How to start: Download any mutual fund app (Groww, Zerodha Coin, Paytm Money, etc.), complete KYC with PAN and Aadhaar, and start a SIP in your chosen fund.
2. Public Provident Fund (PPF)
PPF requires a minimum annual deposit of just ₹500. It offers 7.1% tax-free returns and is one of the safest investment options in India.
- You can deposit ₹500 per month through your bank’s net banking
- Interest is tax-free, and contributions get 80C deduction
- 15-year lock-in ensures long-term discipline
3. Recurring Deposits (RDs)
Banks and post offices offer recurring deposits starting from ₹100. While returns are lower (6-7%), RDs are risk-free and easy to set up.

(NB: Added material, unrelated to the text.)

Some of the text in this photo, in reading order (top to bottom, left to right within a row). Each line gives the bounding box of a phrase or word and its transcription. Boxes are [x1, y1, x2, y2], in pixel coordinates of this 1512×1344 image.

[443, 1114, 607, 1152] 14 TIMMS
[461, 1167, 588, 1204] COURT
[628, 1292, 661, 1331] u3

- Tenure: 6 months to 10 years
- Available at all banks and post offices
- Good for very short-term goals
4. Digital Gold
You can buy digital gold for as little as ₹1 on apps like Google Pay, PhonePe, and Paytm. While not a traditional investment, it can be a way to diversify.

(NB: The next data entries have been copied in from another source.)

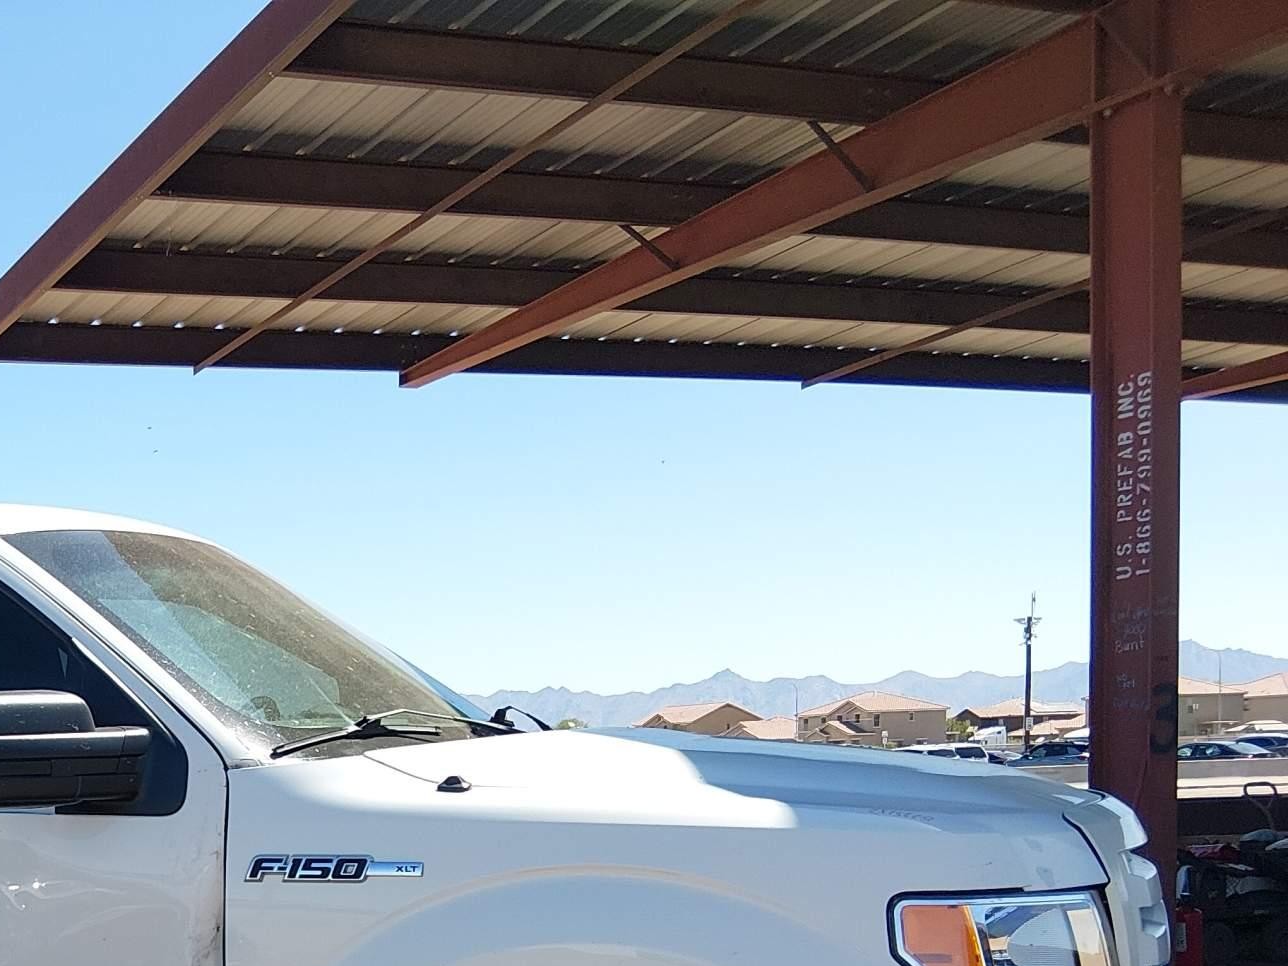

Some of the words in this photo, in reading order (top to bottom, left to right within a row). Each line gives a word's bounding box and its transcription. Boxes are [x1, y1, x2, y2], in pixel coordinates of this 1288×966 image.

[1117, 372, 1135, 419] INC.
[1116, 430, 1134, 523] PREFAB
[1136, 371, 1152, 579] 1-866-799-0969
[1115, 535, 1133, 580] U.S.
[246, 853, 372, 883] F-150
[395, 865, 418, 873] XLT
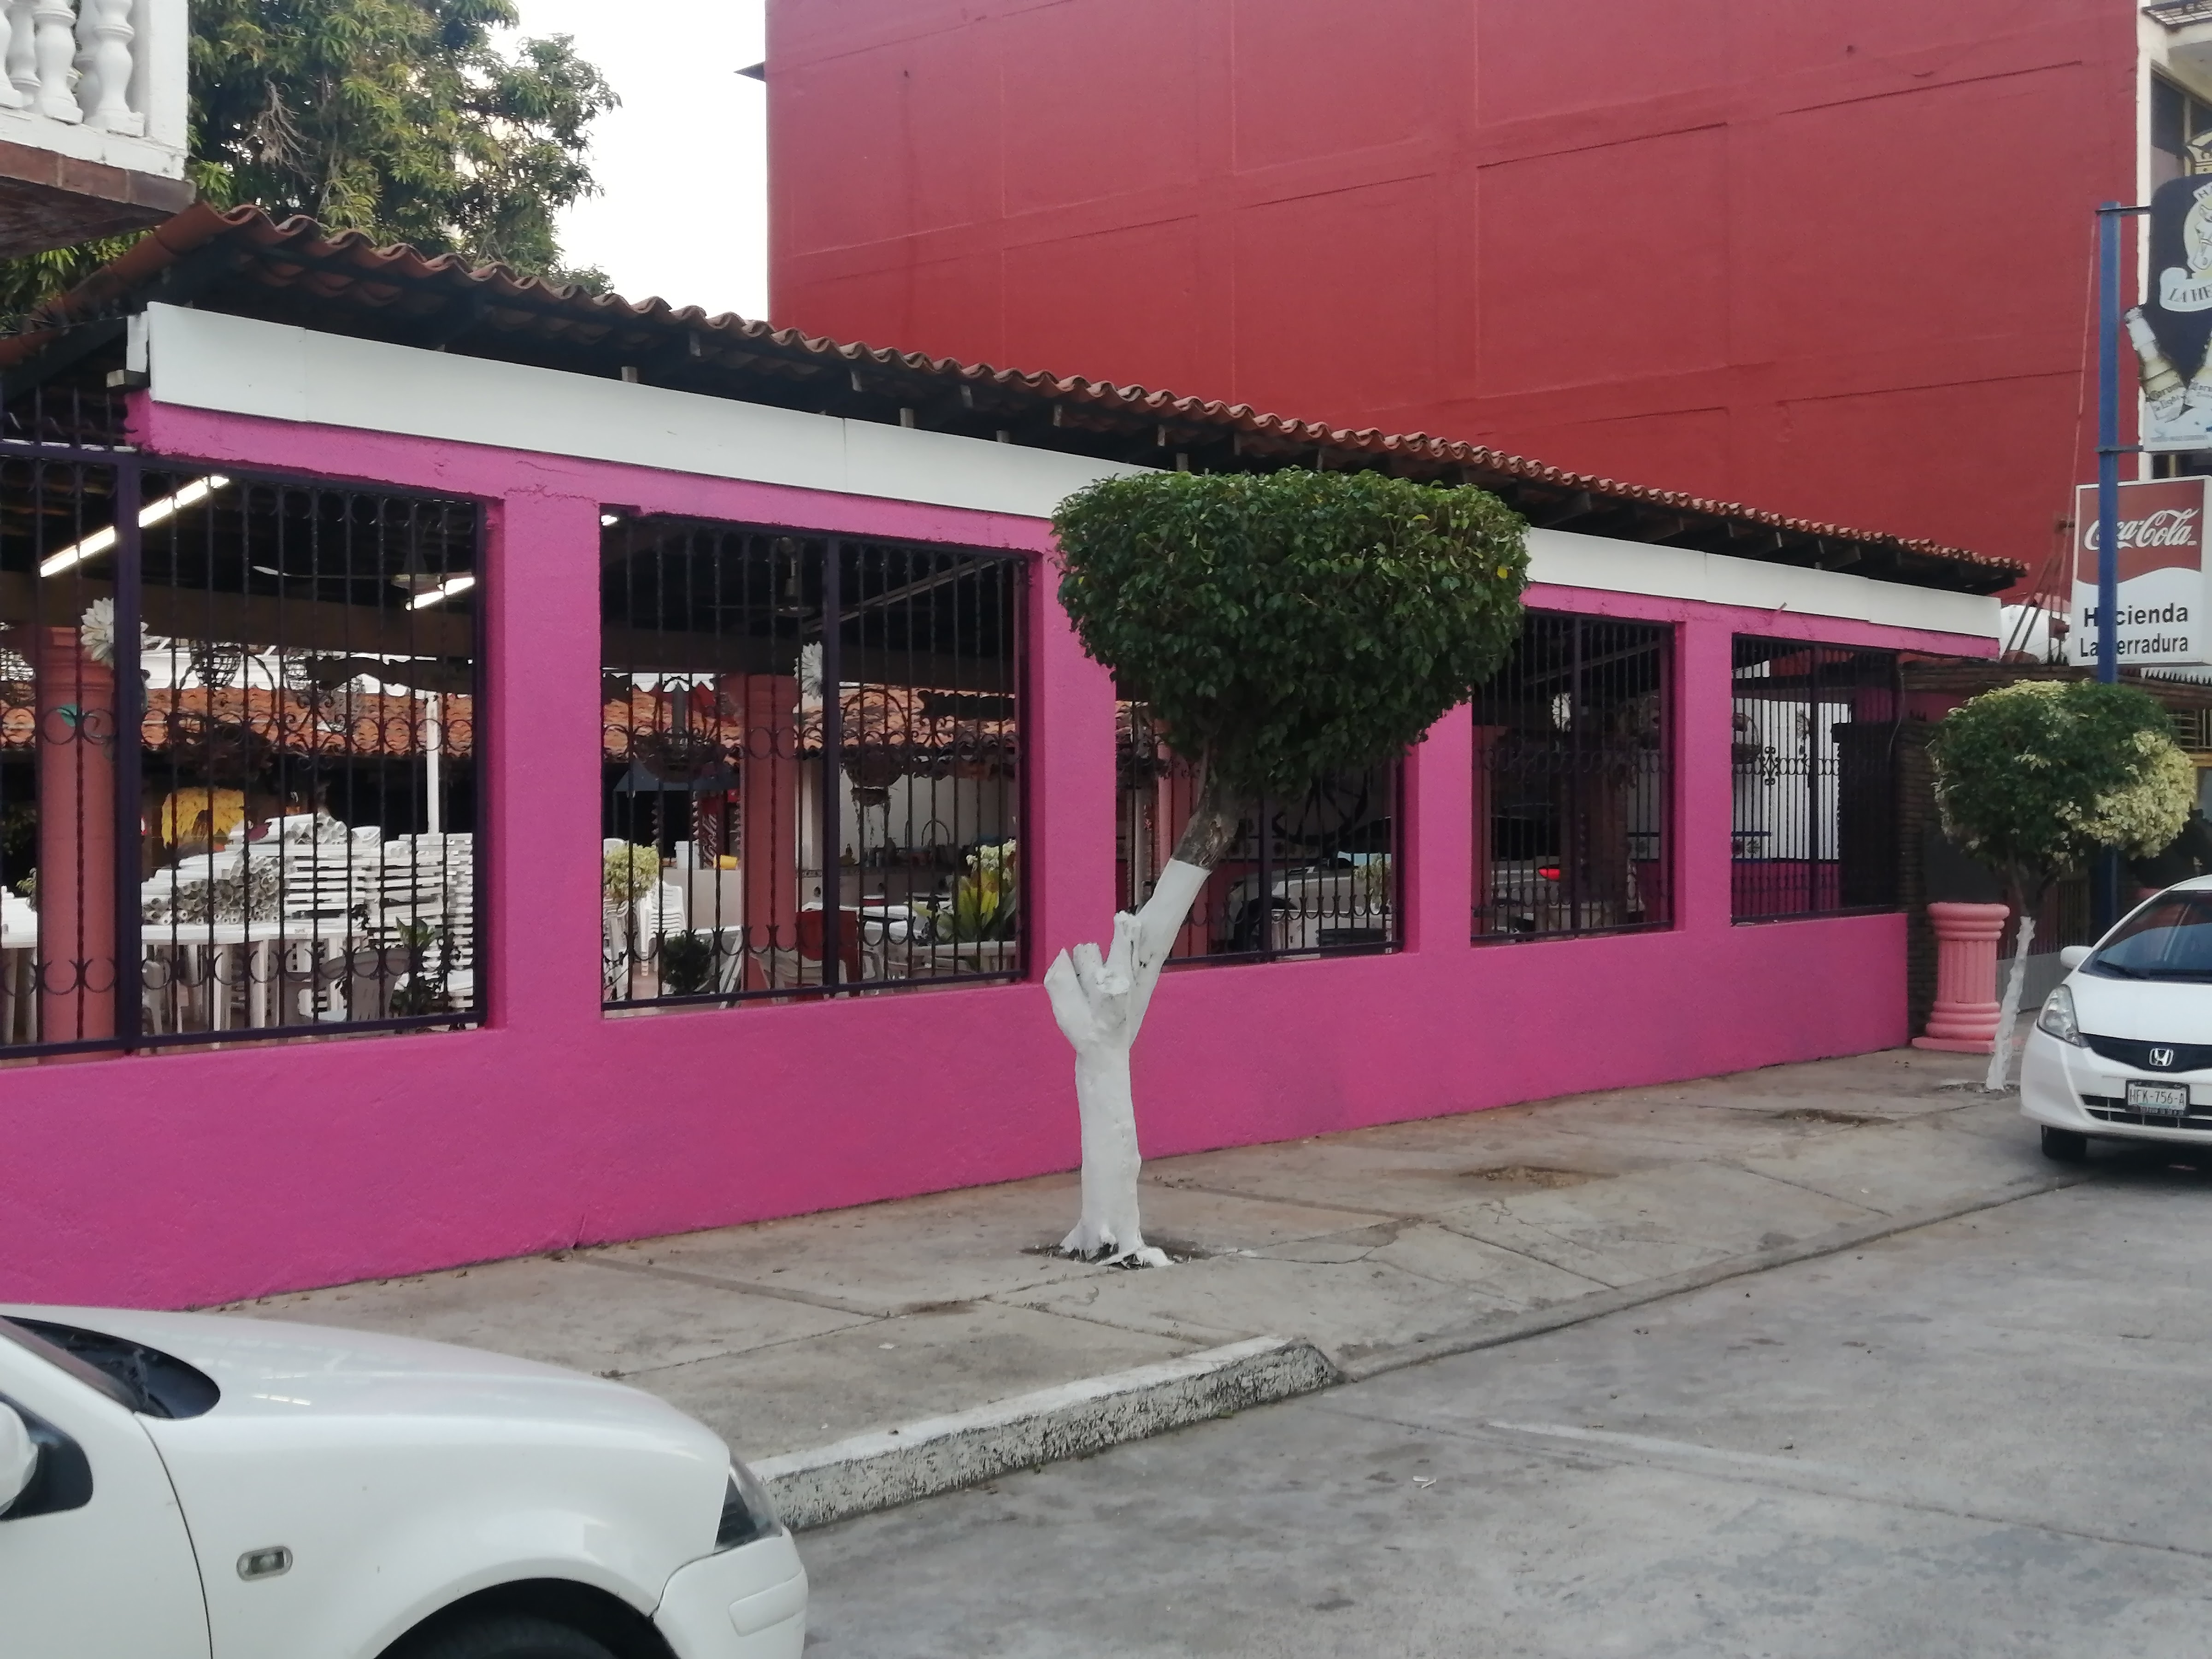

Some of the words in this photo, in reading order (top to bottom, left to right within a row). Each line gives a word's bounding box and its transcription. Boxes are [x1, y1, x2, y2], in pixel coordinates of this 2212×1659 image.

[2167, 287, 2187, 303] LA
[2084, 602, 2188, 628] Hcienda
[2115, 632, 2188, 655] erradura

- Buy in small amounts anytime
- Backed by physical gold stored in secure vaults
- Can be converted to physical gold or sold anytime
5. National Pension System (NPS)
NPS requires a minimum annual contribution of ₹1,000 (Tier I). You can contribute ₹500 per month and get additional tax benefits of ₹50,000 under Section 80CCD(1B).

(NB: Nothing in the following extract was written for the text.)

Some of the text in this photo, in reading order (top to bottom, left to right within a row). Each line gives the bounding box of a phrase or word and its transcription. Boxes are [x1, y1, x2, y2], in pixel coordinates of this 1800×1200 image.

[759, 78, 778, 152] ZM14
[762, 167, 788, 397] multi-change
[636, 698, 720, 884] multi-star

6. Sukanya Samriddhi Yojana (SSY)
If you have a daughter under 10, SSY requires just ₹250 per year minimum. Even ₹500/month invested in SSY at 8.2% grows significantly over 21 years.
The Power of ₹500 Per Month
Here is what ₹500 per month can grow to at different return rates:
| Duration | Total Invested | At 8% Return | At 12% Return |
|---|---|---|---|
| 5 years | ₹30,000 | ₹36,748 | ₹41,243 |
| 10 years | ₹60,000 | ₹91,473 | ₹1,16,170 |
| 20 years | ₹1,20,000 | ₹2,94,510 | ₹4,99,574 |
| 30 years | ₹1,80,000 | ₹7,45,180 | ₹17,64,979 |
₹500 per month for 30 years at 12% returns creates a corpus of nearly ₹17.65 lakh. That is the magic of compounding.
Steps to Get Started Today
- Open a mutual fund account on any app — takes 10 minutes with PAN and Aadhaar.
- Choose an index fund (Nifty 50 or Sensex) — simple, low-cost, and effective.
- Set up a ₹500 SIP on a fixed date each month.
- Forget about it — do not check daily. Let compounding work over years.
- Increase gradually — whenever your income grows, increase the SIP by even ₹500.
Common Excuses (and Why They Do Not Hold)
- “₹500 is too small to make a difference.” — ₹500/month for 30 years at 12% = ₹17.65 lakh. ₹0/month = ₹0.
- “I will start when I earn more.” — You will always have reasons to delay. Start now.
- “The market is too risky.” — Over 15+ years, equity has never given negative returns in India.
- “I do not understand investing.” — Index funds require zero expertise. Just buy and hold.